Вот у нормальных людей в голове май и весна или Победа. А у меня зима и Кай, который мне как-то как персонаж становится всё ближе и ближе...
И было у него два осколка: один - в глазу, другой - в сердце
0.
В этом городе каждый день продают пряники,
у прохожих понимающие улыбки,
если скажут что-то дурное - то только по пьяни,
если обидят - то только случайно, только по глупой ошибке.

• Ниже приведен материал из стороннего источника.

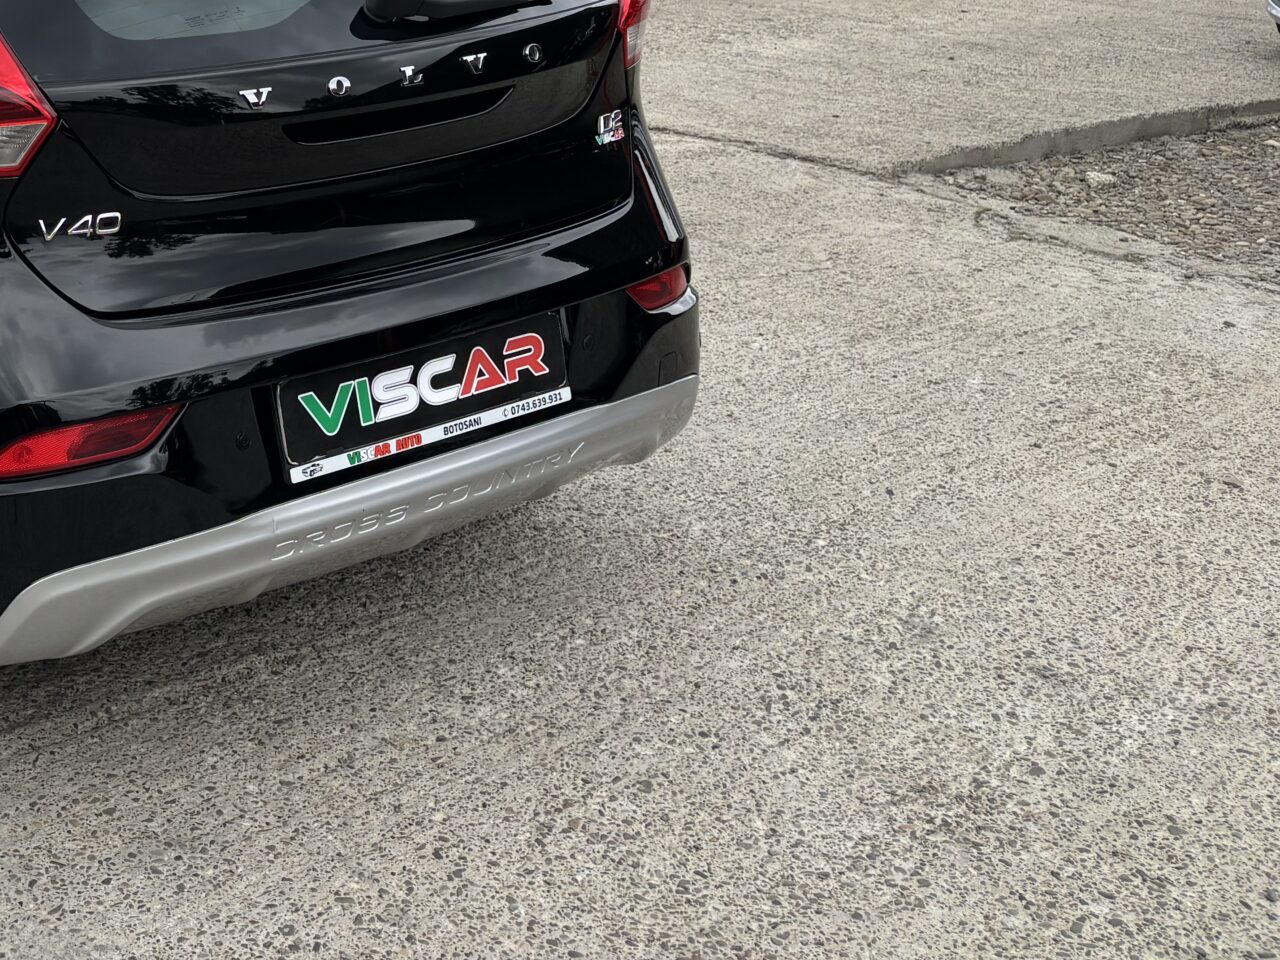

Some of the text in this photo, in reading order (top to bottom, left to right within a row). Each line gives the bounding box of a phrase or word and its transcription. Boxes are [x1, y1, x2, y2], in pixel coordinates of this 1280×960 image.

[238, 43, 543, 109] VOLVO
[597, 109, 623, 134] D2
[38, 210, 122, 241] V40
[297, 332, 550, 436] VISCAR
[347, 391, 564, 466] VISCAR AUTO BOTOSANI 0743.639.931
[271, 441, 586, 561] CROSS COUNTRY

В этом городе люди умеют согреть друг друга,
чаем ли, словом, вином или поцелуем,
здесь стихают метели, здесь вмиг замолкают вьюги,
здесь тебя встретят как друга в любом захолустье.

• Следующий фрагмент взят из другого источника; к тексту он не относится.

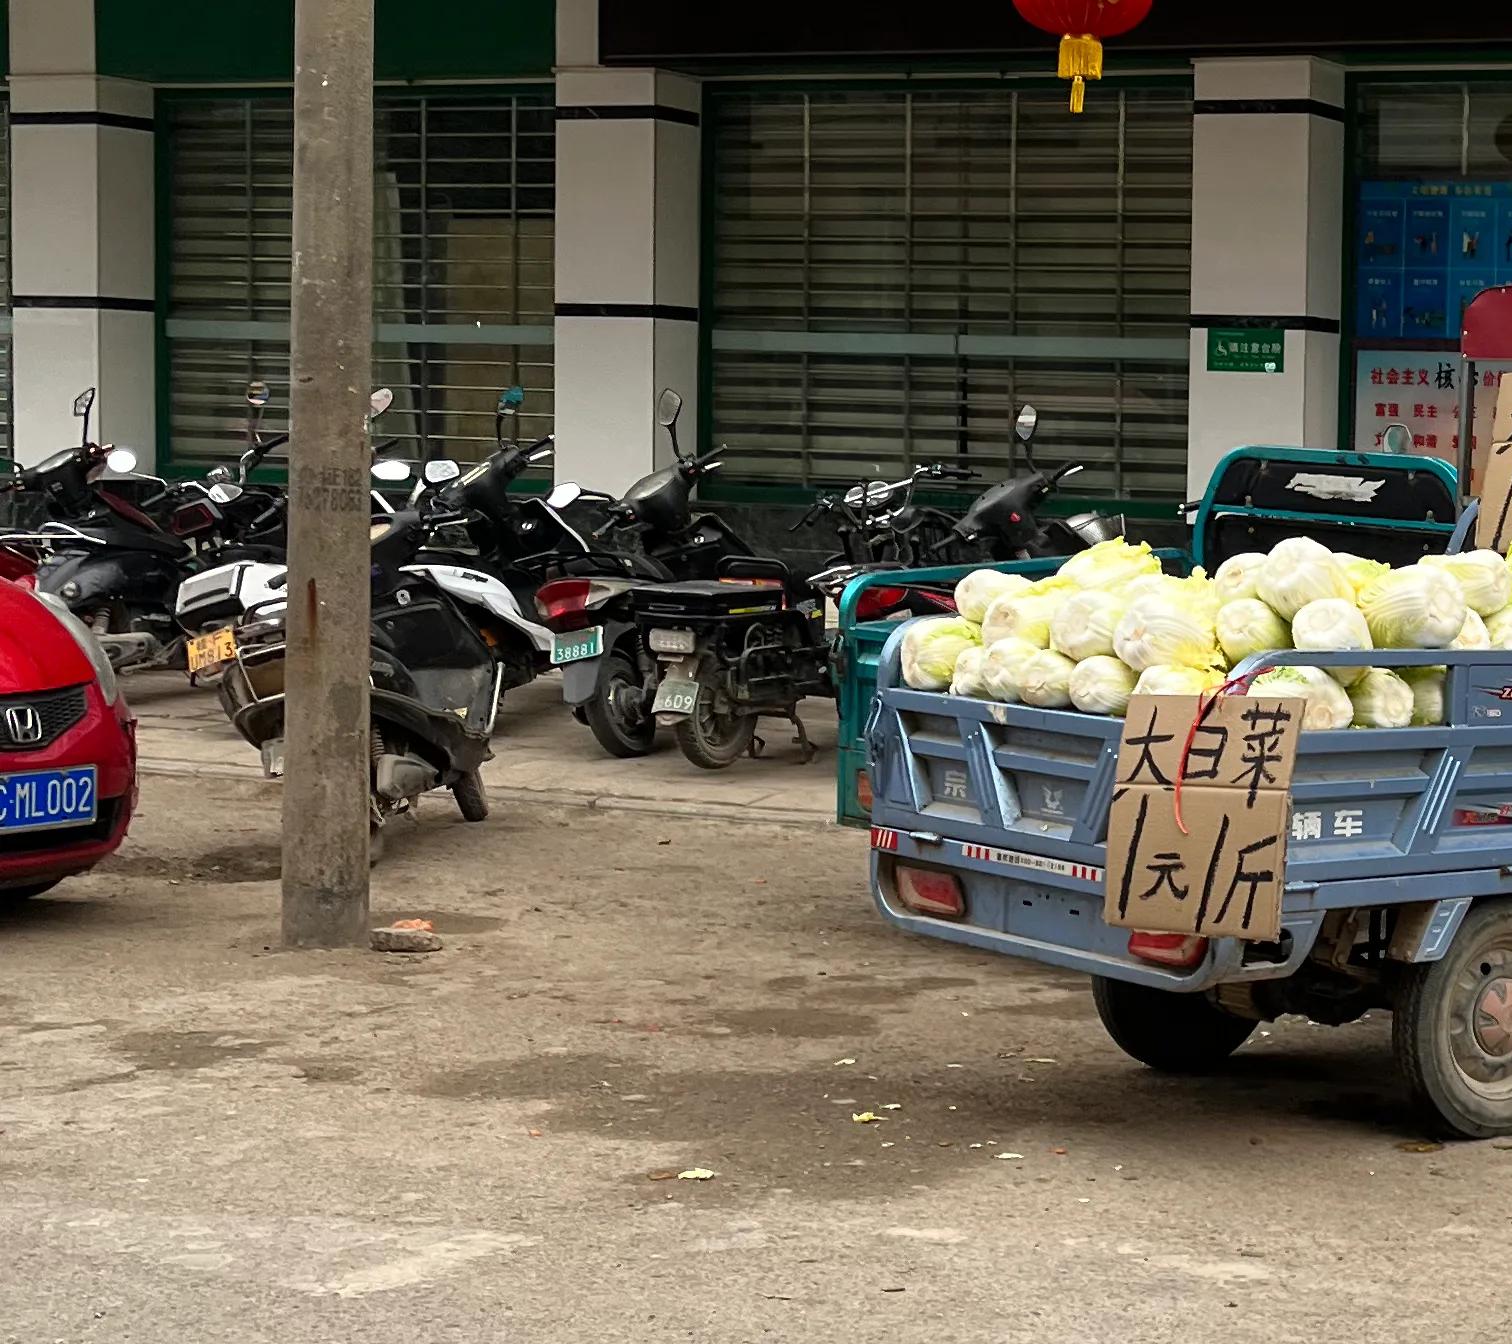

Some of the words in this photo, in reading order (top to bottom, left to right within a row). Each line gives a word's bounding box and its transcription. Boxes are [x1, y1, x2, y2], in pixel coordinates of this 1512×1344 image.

[1413, 403, 1438, 417] 民主
[557, 642, 594, 660] 38881
[1112, 701, 1291, 808] 大白菜

Здесь любому дадут столько любви, подарят столько тепла,
то забудешь об одиночестве и смутной больной тоске,
будто исчезли тревоги, дела пошли сразу на лад,
(а ещё вчера казалось, что всё висит на волоске).
В этом городе, в этом тихом уютном городе,
не помнят о севере рядом, не помнят о холоде,
о подступающей к сердцу зимней ночной пустоте,
о скрипе снегов (или чьих-то мёртвых костей?)
читать дальше1.
Девушка-девочка стояла у белоснежного трона,
лицо в морщинах от ветра, волосы по-мужски короткие,
невысокая, хрупкая, а никто не посмеет тронуть.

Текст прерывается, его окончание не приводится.